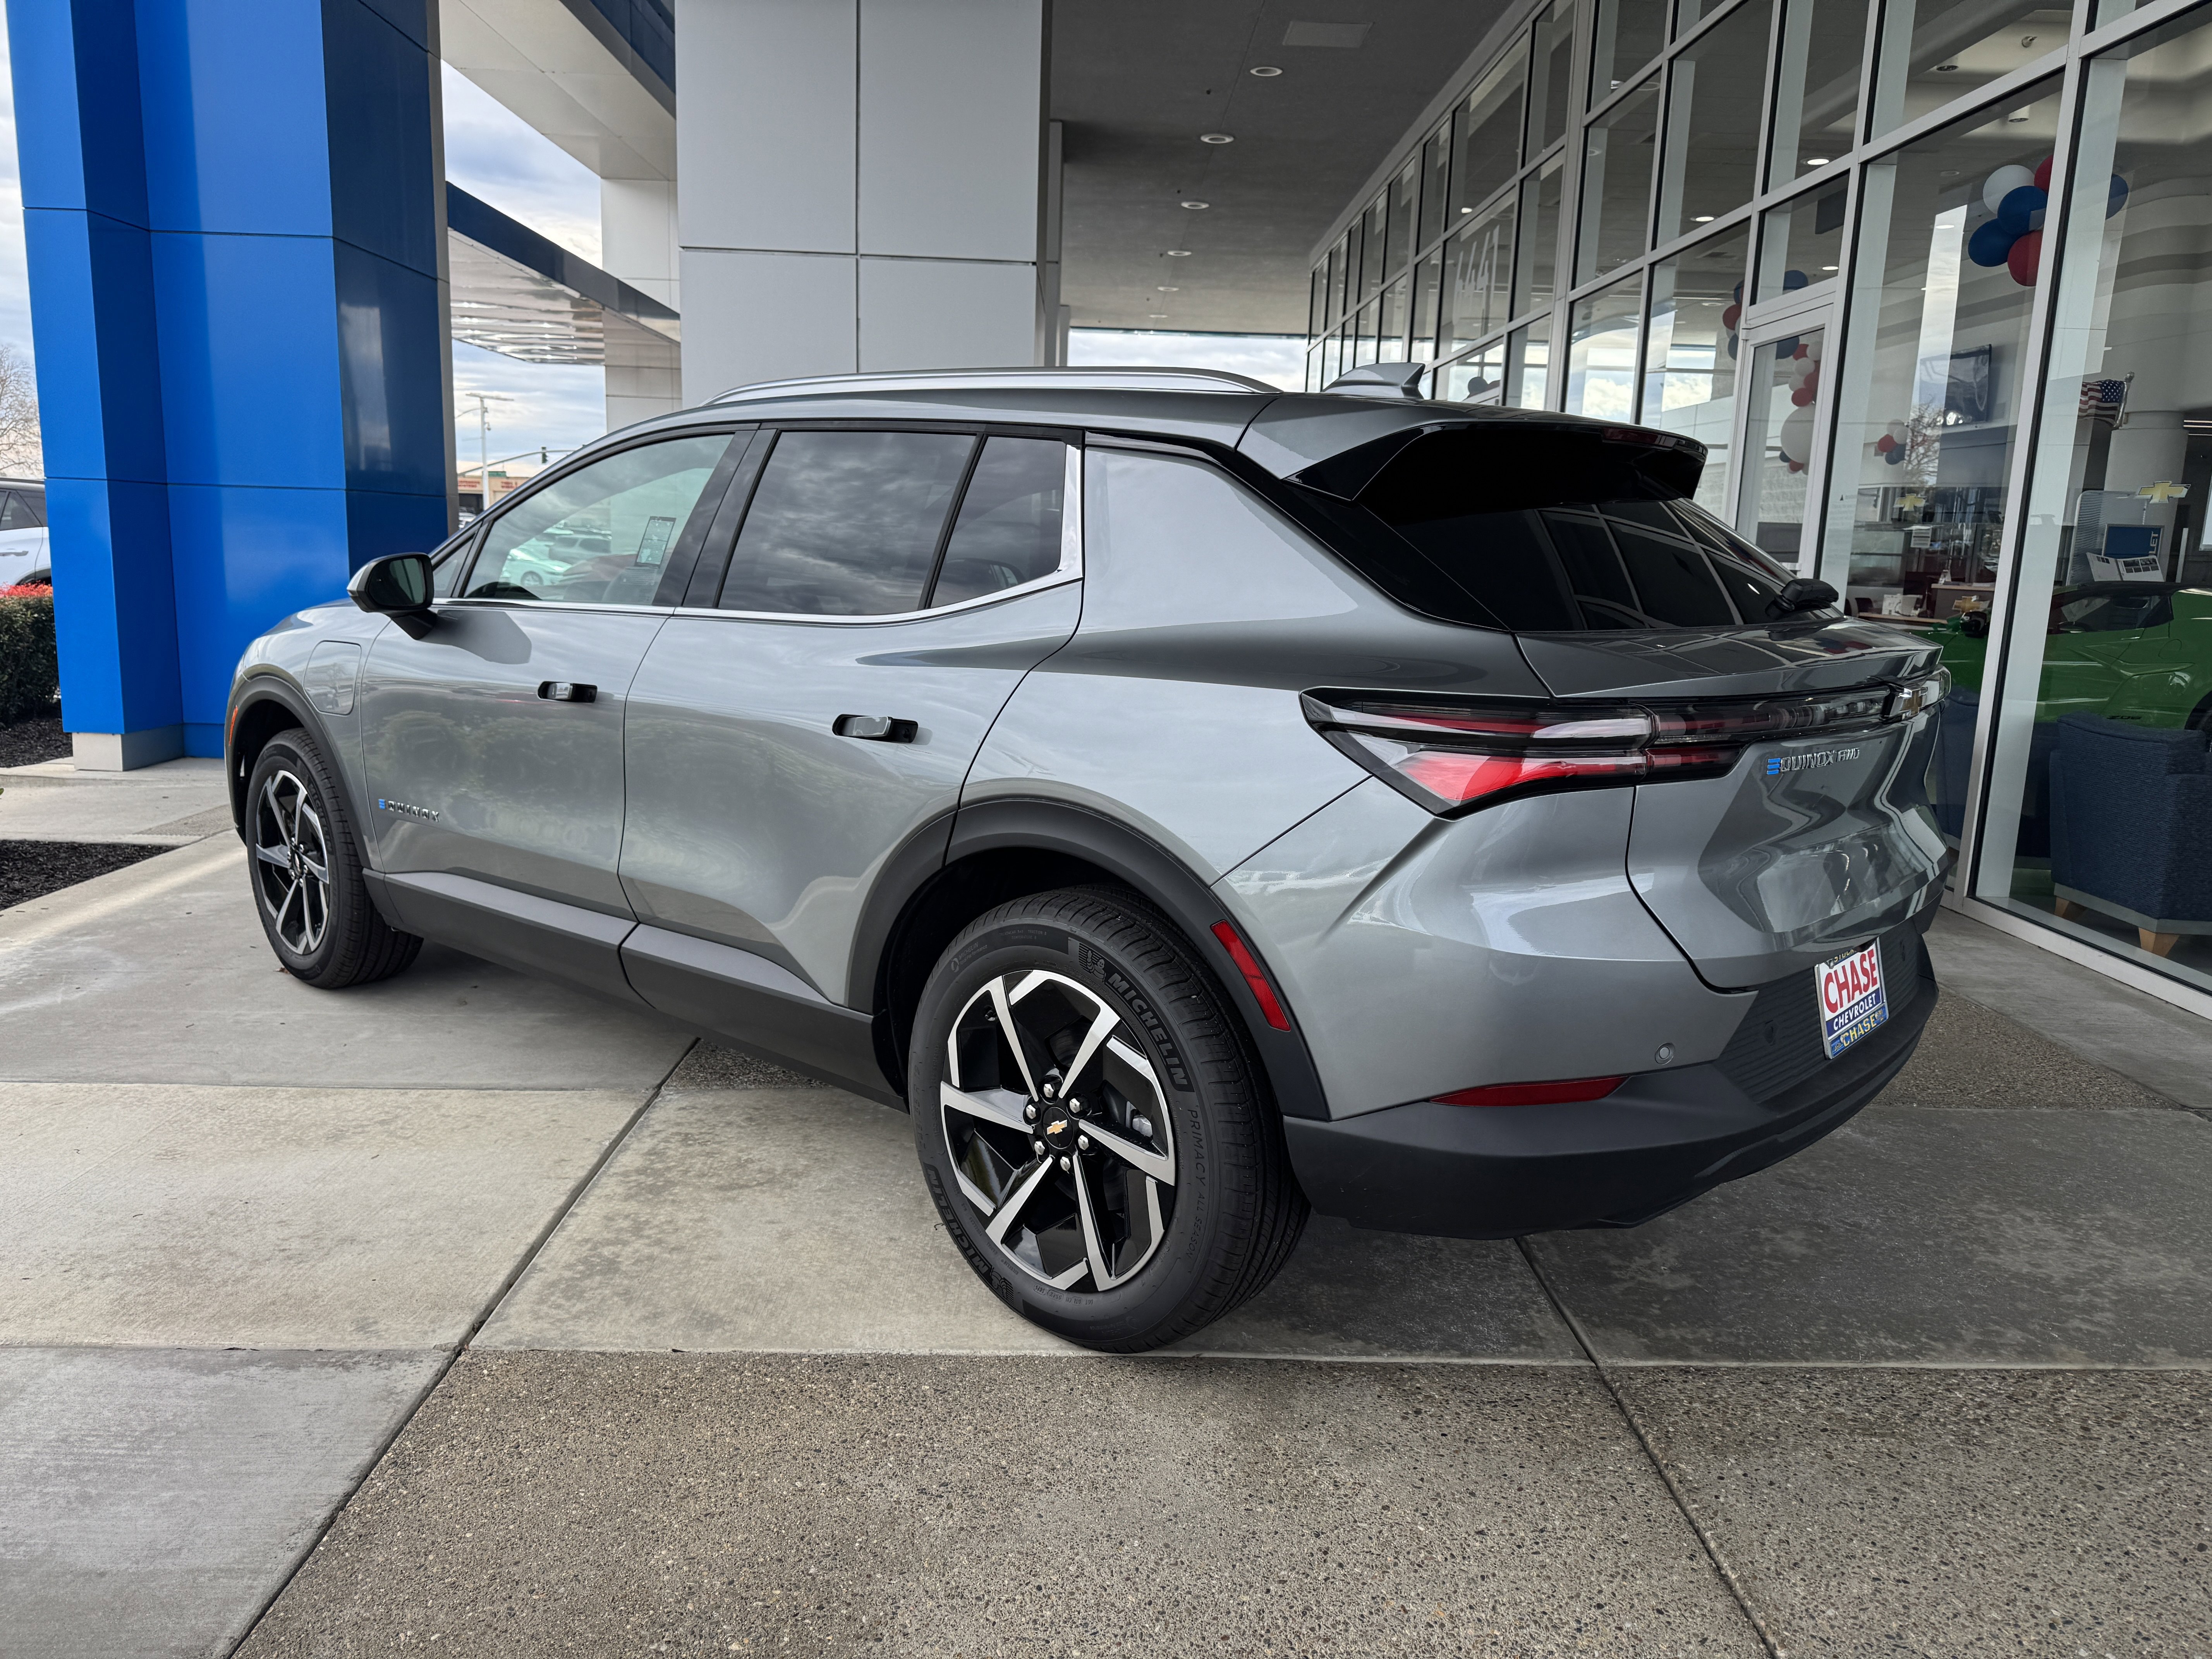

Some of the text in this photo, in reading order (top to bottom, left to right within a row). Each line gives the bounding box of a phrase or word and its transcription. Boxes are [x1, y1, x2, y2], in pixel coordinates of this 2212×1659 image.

[378, 799, 440, 822] EQUINOX
[1824, 948, 1878, 1013] CHASE
[1833, 993, 1875, 1030] CHEVROLET
[1108, 973, 1188, 1085] MICHELIN
[1842, 1013, 1877, 1047] CHASE
[1185, 1108, 1206, 1260] PRIMACY ALL SEASON
[927, 1168, 990, 1275] MICHELIN
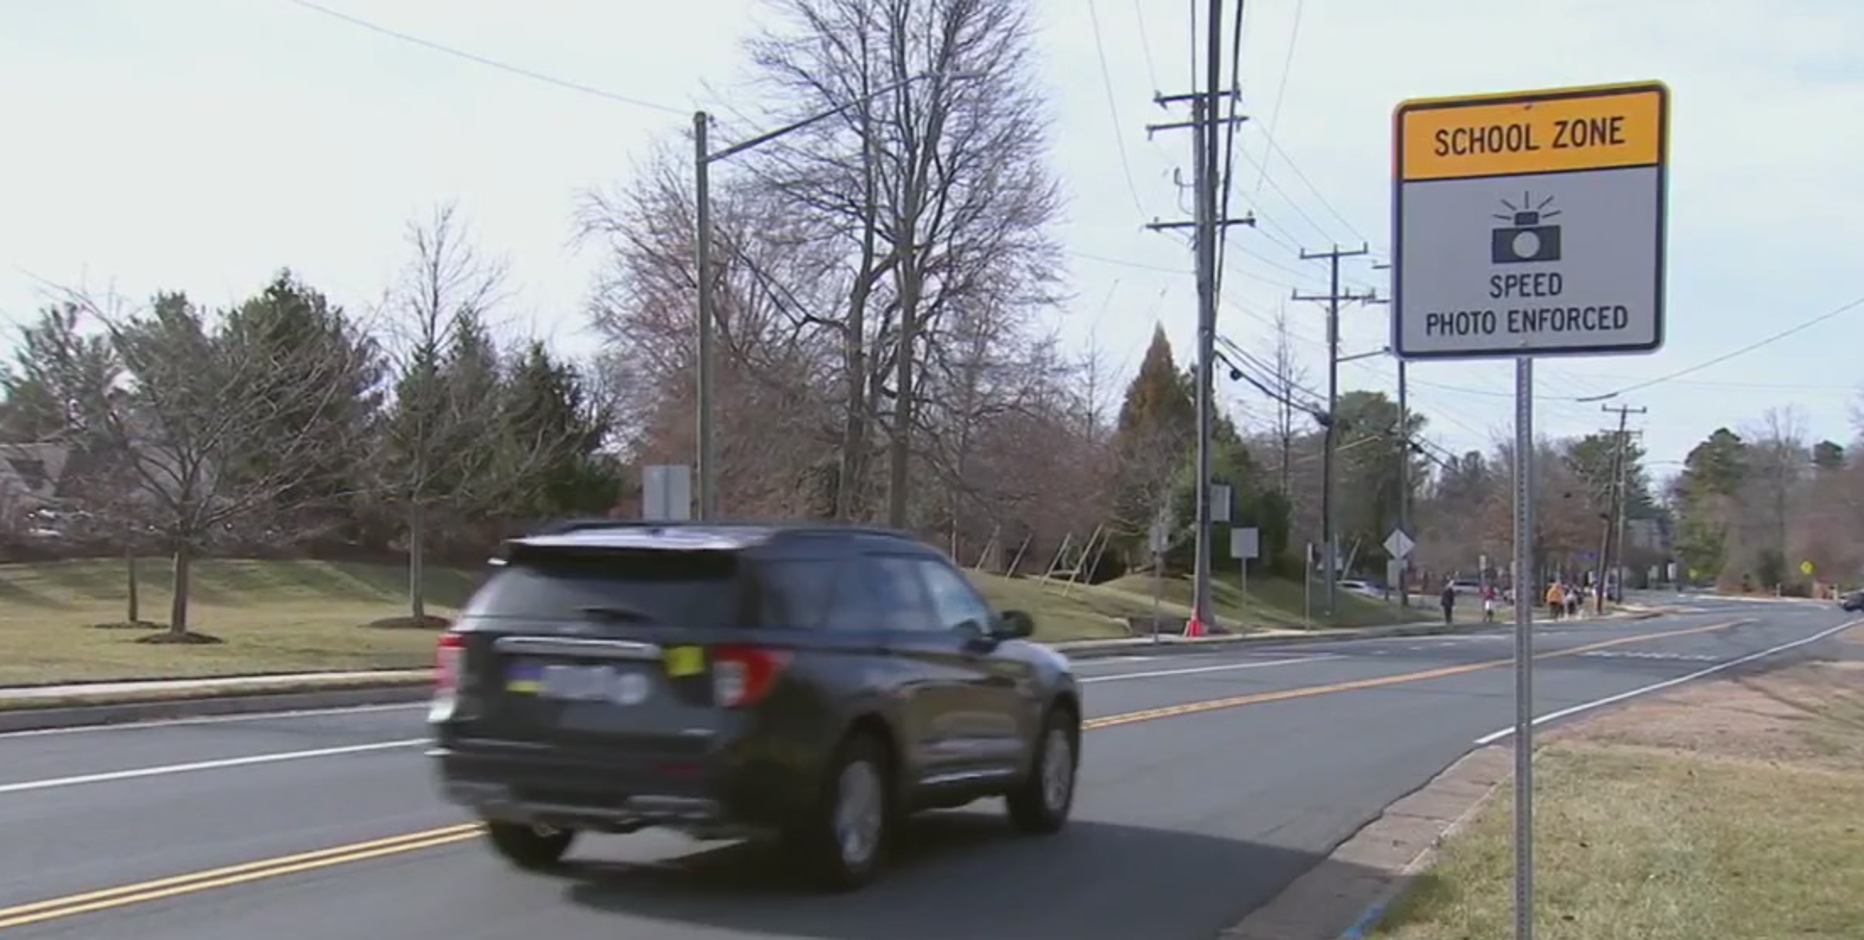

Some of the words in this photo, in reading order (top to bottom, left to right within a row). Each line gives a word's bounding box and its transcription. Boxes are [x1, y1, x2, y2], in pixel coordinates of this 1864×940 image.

[1434, 123, 1540, 157] SCHOOL
[1552, 116, 1626, 149] ZONE
[1489, 272, 1563, 299] SPEED
[1426, 310, 1496, 336] PHOTO
[1507, 305, 1628, 334] ENFORCED
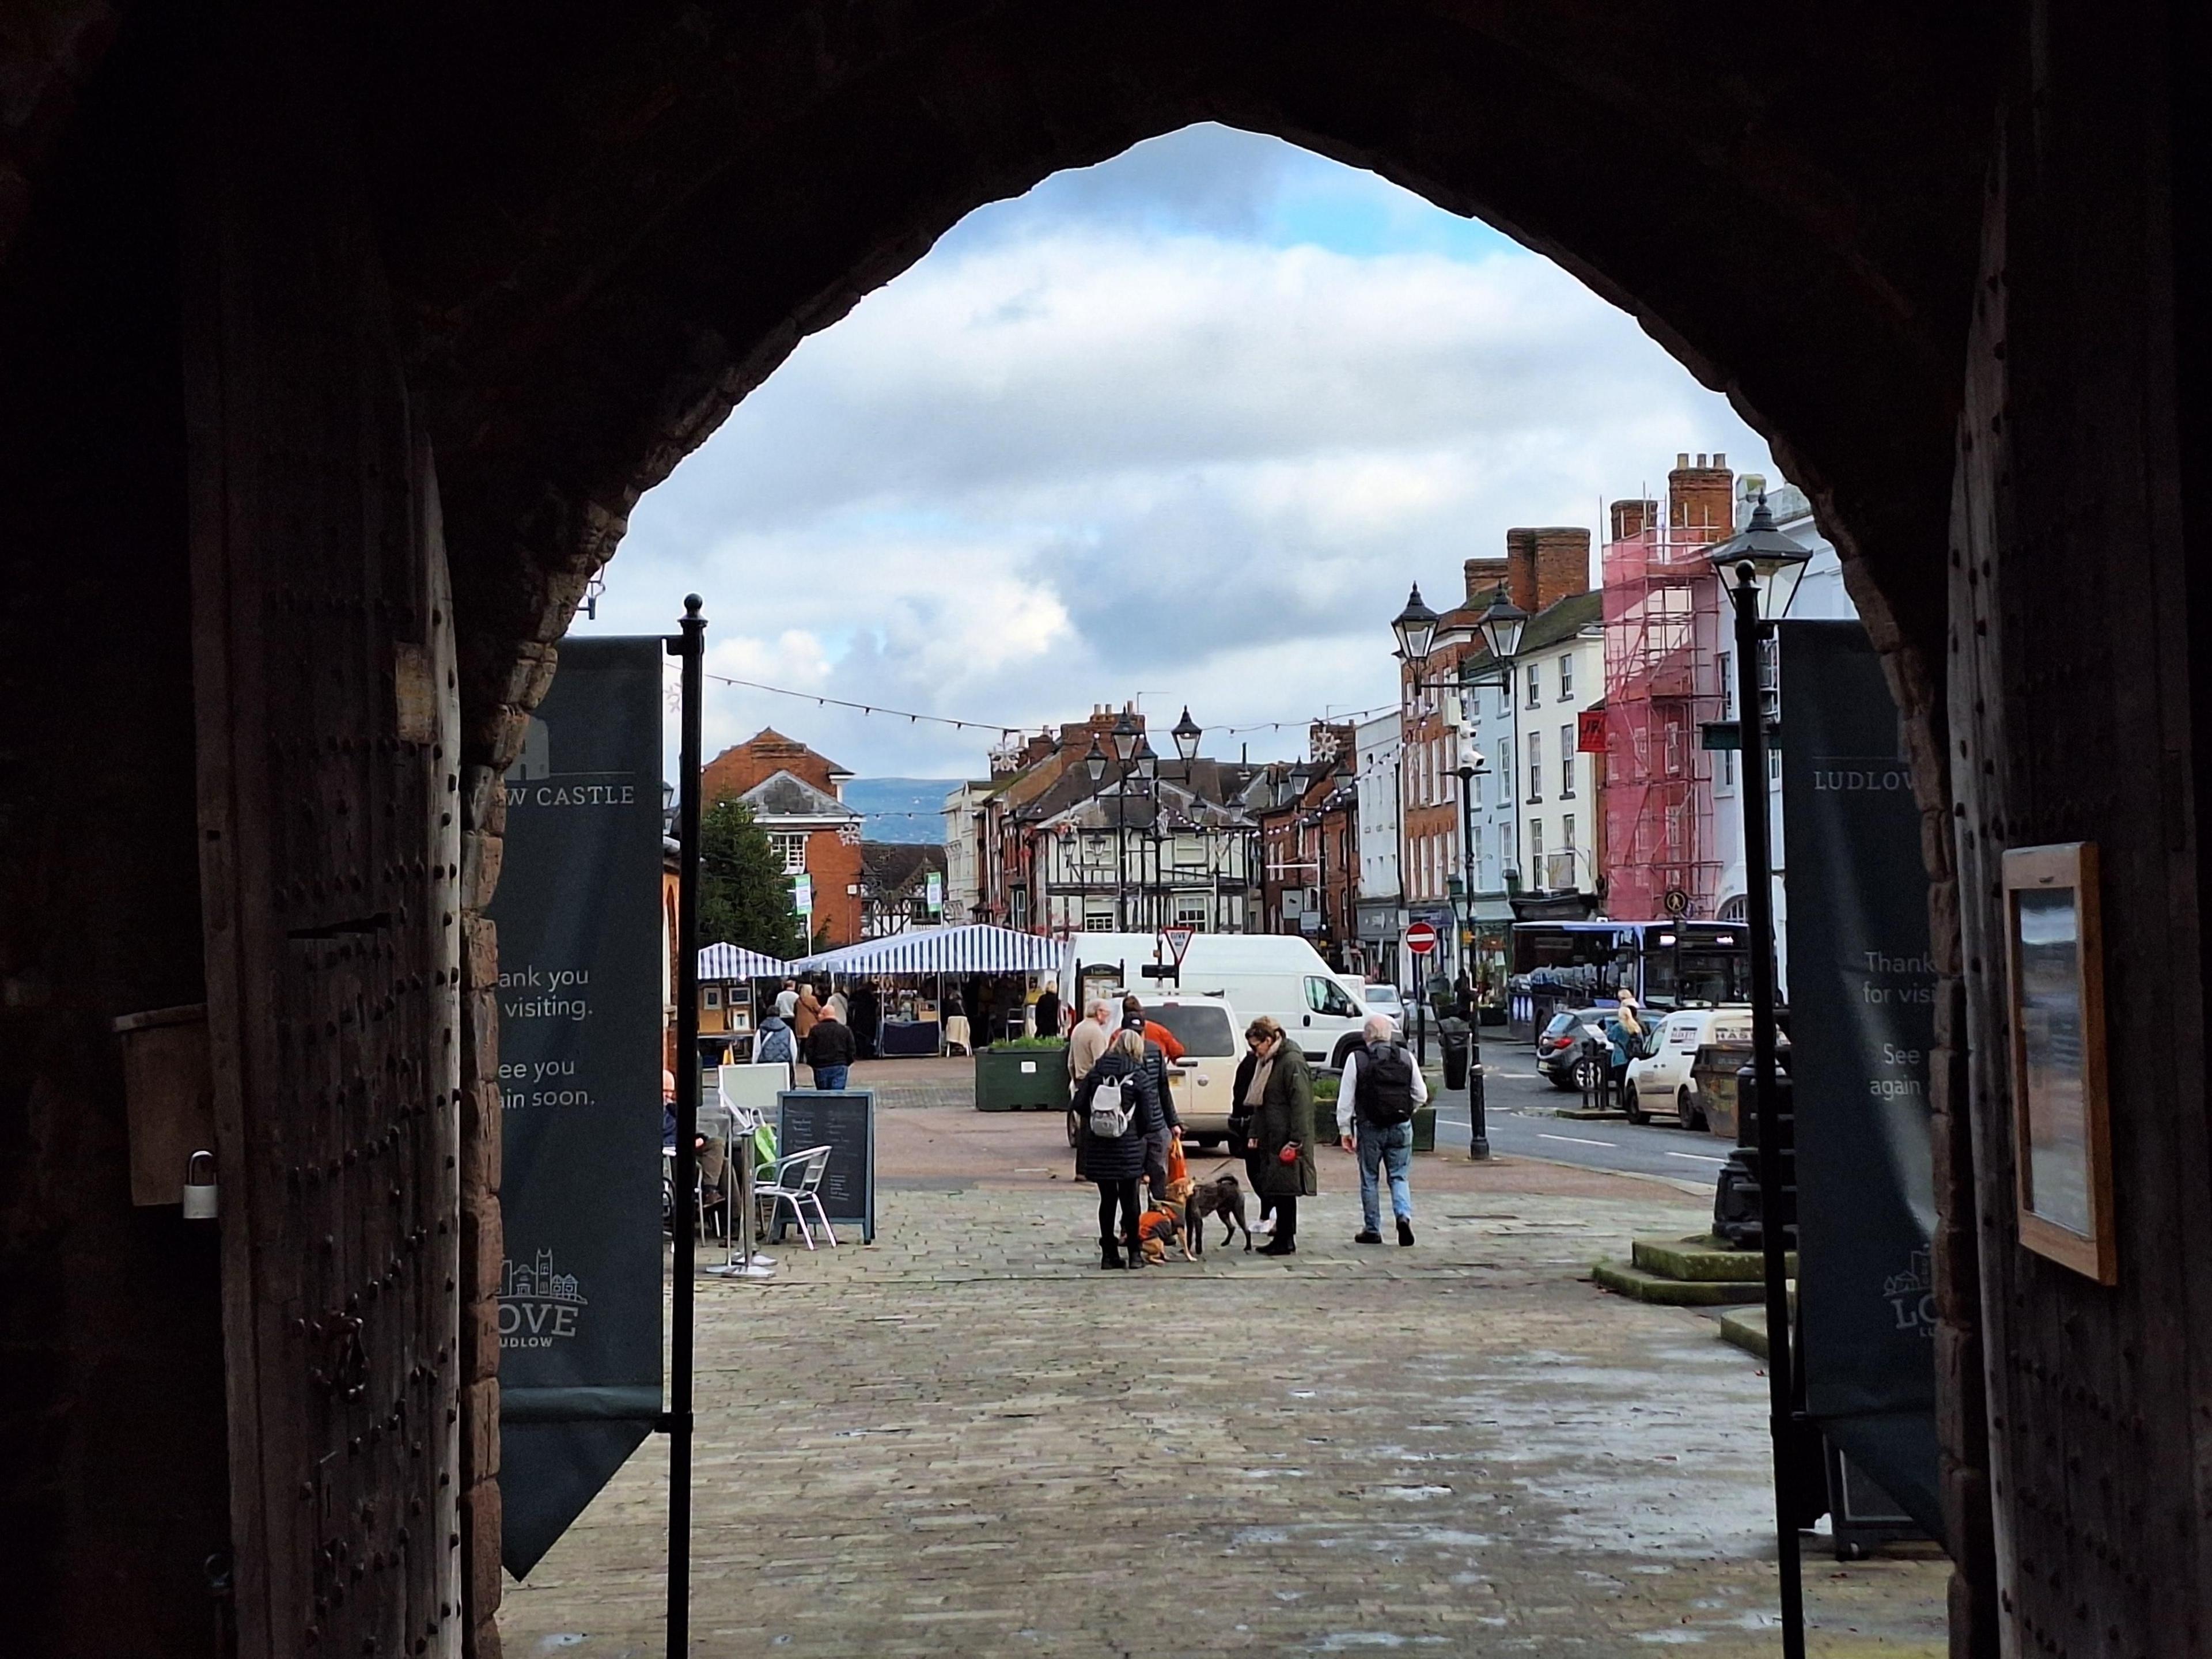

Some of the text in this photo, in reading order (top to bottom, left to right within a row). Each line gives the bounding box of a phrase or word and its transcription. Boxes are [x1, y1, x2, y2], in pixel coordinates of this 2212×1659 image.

[507, 786, 634, 807] W CASTLE
[1864, 951, 1935, 973] Thank
[499, 965, 589, 992] ank you
[1863, 980, 1891, 1003] for
[505, 994, 593, 1021] visiting.
[1884, 1043, 1919, 1065] See
[498, 1060, 574, 1083] ee you
[532, 1090, 595, 1107] soon.
[1870, 1075, 1921, 1101] again
[498, 1303, 578, 1337] OVE
[499, 1337, 552, 1347] UDLOW

▬▬▬▬▬▬

* _Exercise details_
The whole listing above is to be repeated exactly, apart from its pictures.

* _Answer to the problem_
Some of the text in this photo, in reading order (top to bottom, left to right within a row). Each line gives the bounding box of a phrase or word and its transcription. Boxes are [x1, y1, x2, y2], in pixel coordinates of this 2212×1659 image.

[378, 799, 440, 822] EQUINOX
[1824, 948, 1878, 1013] CHASE
[1833, 993, 1875, 1030] CHEVROLET
[1108, 973, 1188, 1085] MICHELIN
[1842, 1013, 1877, 1047] CHASE
[1185, 1108, 1206, 1260] PRIMACY ALL SEASON
[927, 1168, 990, 1275] MICHELIN

Some of the words in this photo, in reading order (top to bottom, left to right within a row). Each line gives a word's bounding box and its transcription. Boxes are [x1, y1, x2, y2], in pixel coordinates of this 1864×940 image.

[1434, 123, 1540, 157] SCHOOL
[1552, 116, 1626, 149] ZONE
[1489, 272, 1563, 299] SPEED
[1426, 310, 1496, 336] PHOTO
[1507, 305, 1628, 334] ENFORCED

Some of the text in this photo, in reading order (top to bottom, left to right within a row). Each line gives the bounding box of a phrase or word and its transcription. Boxes are [x1, y1, x2, y2], in pixel coordinates of this 2212×1659 image.

[507, 786, 634, 807] W CASTLE
[1864, 951, 1935, 973] Thank
[499, 965, 589, 992] ank you
[1863, 980, 1891, 1003] for
[505, 994, 593, 1021] visiting.
[1884, 1043, 1919, 1065] See
[498, 1060, 574, 1083] ee you
[532, 1090, 595, 1107] soon.
[1870, 1075, 1921, 1101] again
[498, 1303, 578, 1337] OVE
[499, 1337, 552, 1347] UDLOW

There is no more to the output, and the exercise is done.